Louis Buteau

Grade: adjudant-maître

Fonction: sergent-major de compagnie de commandement, 3e Bataillon du Royal 22e Régiment

Son expérience en Afghanistan. Il a été déployé entre décembre 2010 et juin 2011. À Kandahar, il a été mentor du sergent-major régimentaire (CSM), du Commandant de peloton de transport et du commandant du peloton de quartier général et de la compagnie de quartier général (HHC) du Bataillon de Service de soutien au combat (CSS Kandak 5).

L'adjudant-maître Buteau a passé sa vie avec les Forces armées. Fils de militaire, il a grandi en Allemagne. Son père a «ouvert» le camp de Chypre, en 1964. Lui l'a presque «fermé», trois décennies plus tard. Il a gravi un à un tous les échelons depuis 29 ans, a été déployé en Bosnie, en Haïti. Mais quand il part en 2010 à Kandahar, il participe pour la première fois à une mission de combat. «C'est la première, et la seule, j'espère.»

En Afghanistan, il travaille avec l'armée afghane, dans un rôle de mentorat. Ce contact avec les Afghans et la découverte de la culture afghane l'ont bouleversé.

«Ils m'ont donné des valeurs, comme la simplicité de vie. J'ai trois ou quatre télés chez moi. Eux, ils n'en ont pas, illustre-t-il. Le Canada, on a 300, 400 ans d'histoire, on pense qu'on a tout vu. Eux, ça fait 2000 ans qu'ils sont là. De leur dire qu'ils vivent mal, je n'aime pas ça.»

C'est une mosquée qui a scellé la rencontre de Louis Buteau avec les Afghans. Et plus précisément un coup de vent qui, au printemps, emporte la toile qui constitue le temple de l'armée afghane, sur la base de Kandahar. «Pour eux, c'était pire que de perdre tout leur monde au combat. C'était la chose la plus triste qui pouvait arriver», se souvient-il.

Les soldats afghans se tournent alors vers leur mentor: ne peut-il pas aider sa reconstruction? Ce n'est pas sa mission, mais Louis Buteau essaie, et remue ciel et terre. Il trouve un entrepreneur local si enthousiaste qu'il ne fait payer que le prix des matériaux. «C'est tout ce que les soldats ont demandé, et ils l'ont eu», dit-il. L'inauguration est un jour de bonheur.

Louis Buteau pense alors à ce qu'il a fait pour, pensait-il, aider l'armée afghane: installer des toilettes, des postes de garde ombragés, et même une salle de détente dotée d'une télévision. «C'est là que je me suis dit qu'avant de m'occuper de leur qualité de vie, j'aurais dû leur demander quels étaient leurs besoins», dit-il.

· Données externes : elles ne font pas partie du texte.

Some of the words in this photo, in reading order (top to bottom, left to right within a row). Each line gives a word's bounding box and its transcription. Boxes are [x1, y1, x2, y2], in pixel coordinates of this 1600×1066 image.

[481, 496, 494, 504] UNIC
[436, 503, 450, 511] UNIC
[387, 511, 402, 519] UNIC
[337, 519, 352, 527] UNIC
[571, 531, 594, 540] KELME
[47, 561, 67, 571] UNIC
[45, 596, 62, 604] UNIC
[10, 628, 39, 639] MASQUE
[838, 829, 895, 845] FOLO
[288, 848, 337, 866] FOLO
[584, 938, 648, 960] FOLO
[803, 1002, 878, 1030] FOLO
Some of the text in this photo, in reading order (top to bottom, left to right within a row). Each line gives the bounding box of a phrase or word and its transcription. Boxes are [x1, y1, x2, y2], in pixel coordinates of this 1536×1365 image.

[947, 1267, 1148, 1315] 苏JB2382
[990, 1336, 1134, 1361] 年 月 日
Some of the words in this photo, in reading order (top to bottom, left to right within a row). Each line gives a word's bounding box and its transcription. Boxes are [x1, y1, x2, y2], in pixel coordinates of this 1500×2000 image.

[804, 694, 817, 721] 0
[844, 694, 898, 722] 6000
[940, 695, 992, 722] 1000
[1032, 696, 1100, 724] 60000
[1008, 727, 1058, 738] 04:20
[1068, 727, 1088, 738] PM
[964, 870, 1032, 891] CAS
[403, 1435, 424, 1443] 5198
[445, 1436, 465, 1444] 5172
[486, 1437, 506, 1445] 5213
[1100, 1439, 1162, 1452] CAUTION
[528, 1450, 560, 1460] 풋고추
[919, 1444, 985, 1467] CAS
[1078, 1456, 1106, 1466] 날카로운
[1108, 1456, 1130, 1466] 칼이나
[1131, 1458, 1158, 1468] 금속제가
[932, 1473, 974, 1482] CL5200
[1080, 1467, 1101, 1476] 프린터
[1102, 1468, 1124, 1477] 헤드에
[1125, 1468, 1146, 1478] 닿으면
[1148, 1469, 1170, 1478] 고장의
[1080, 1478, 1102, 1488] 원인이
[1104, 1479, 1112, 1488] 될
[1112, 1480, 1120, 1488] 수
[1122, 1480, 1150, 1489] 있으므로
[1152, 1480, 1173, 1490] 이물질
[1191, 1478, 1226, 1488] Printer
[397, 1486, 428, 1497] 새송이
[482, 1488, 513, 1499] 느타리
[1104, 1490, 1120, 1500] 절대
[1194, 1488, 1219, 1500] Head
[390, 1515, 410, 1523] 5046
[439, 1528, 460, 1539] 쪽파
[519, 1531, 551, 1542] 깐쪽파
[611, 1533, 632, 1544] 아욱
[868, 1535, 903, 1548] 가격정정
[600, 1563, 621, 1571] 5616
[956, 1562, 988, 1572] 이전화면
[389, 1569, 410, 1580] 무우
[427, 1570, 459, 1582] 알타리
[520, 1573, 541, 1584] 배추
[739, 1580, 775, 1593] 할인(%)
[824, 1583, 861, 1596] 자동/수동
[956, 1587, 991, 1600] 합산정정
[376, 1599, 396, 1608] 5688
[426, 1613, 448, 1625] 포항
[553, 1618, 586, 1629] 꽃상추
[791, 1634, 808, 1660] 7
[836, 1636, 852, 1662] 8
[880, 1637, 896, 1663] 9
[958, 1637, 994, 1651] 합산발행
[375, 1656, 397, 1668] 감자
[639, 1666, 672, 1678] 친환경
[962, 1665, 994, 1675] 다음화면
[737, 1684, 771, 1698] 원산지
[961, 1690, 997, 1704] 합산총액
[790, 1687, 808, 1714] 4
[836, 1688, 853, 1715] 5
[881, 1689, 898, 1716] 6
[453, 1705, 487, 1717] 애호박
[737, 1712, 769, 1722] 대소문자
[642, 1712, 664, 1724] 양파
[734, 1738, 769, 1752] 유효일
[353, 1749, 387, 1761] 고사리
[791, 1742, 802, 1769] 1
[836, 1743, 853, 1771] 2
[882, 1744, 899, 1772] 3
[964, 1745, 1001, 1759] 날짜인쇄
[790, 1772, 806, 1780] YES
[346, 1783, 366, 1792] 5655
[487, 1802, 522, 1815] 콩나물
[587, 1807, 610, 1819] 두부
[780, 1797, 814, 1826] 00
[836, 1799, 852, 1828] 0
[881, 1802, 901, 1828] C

C'est seulement une fois la mosquée reconstruite qu'on lui a dit que le téléviseur trônant dans la salle de détente était vu par un soldat afghan comme une ultime provocation. Comment pouvaient-ils avoir un téléviseur quand leur bien le plus précieux, la mosquée, n'était qu'une tente soumise aux quatre vents?

«On pense bien faire, mais on n'attaque pas le problème», conclut, avec humilité, Louis Buteau.

Auprès des soldats, il constate aussi que la guerre ne change pas la culture et les valeurs de ce peuple. «Les Afghans, ils vivaient en 1978, ils vivaient en 1980, et ils continuent à vivre en 2011», résume-t-il.

L'adjudant-maître a rapporté bien des questions de l'Afghanistan. Et peu de réponses.

«Que le Canada ait participé à la mission de combat, ça ne me regarde pas; j'y vais. Mais comme militaire, est-ce que je suis allé là pour sauver la planète? Certainement pas.»

«Est-ce que ça a bien fait qu'on y aille ou pas? Je ne vous réponds pas. Mais pour le peuple afghan, que le Canada ou les États-Unis soient là, ça ne va pas changer grand-chose», estime-t-il.

«Pourquoi on est allés là? On n'est pas allés là pour changer les écoles. C'est vrai qu'on l'a faite, la reconstruction. Mais est-ce qu'on est allés là pour ouvrir des écoles? Je ne pense pas. Pour combattre le terrorisme mondial? Ça aurait plus d'impact en Somalie. Est-ce que les filles vont à l'école en Somalie? Je ne pense pas.»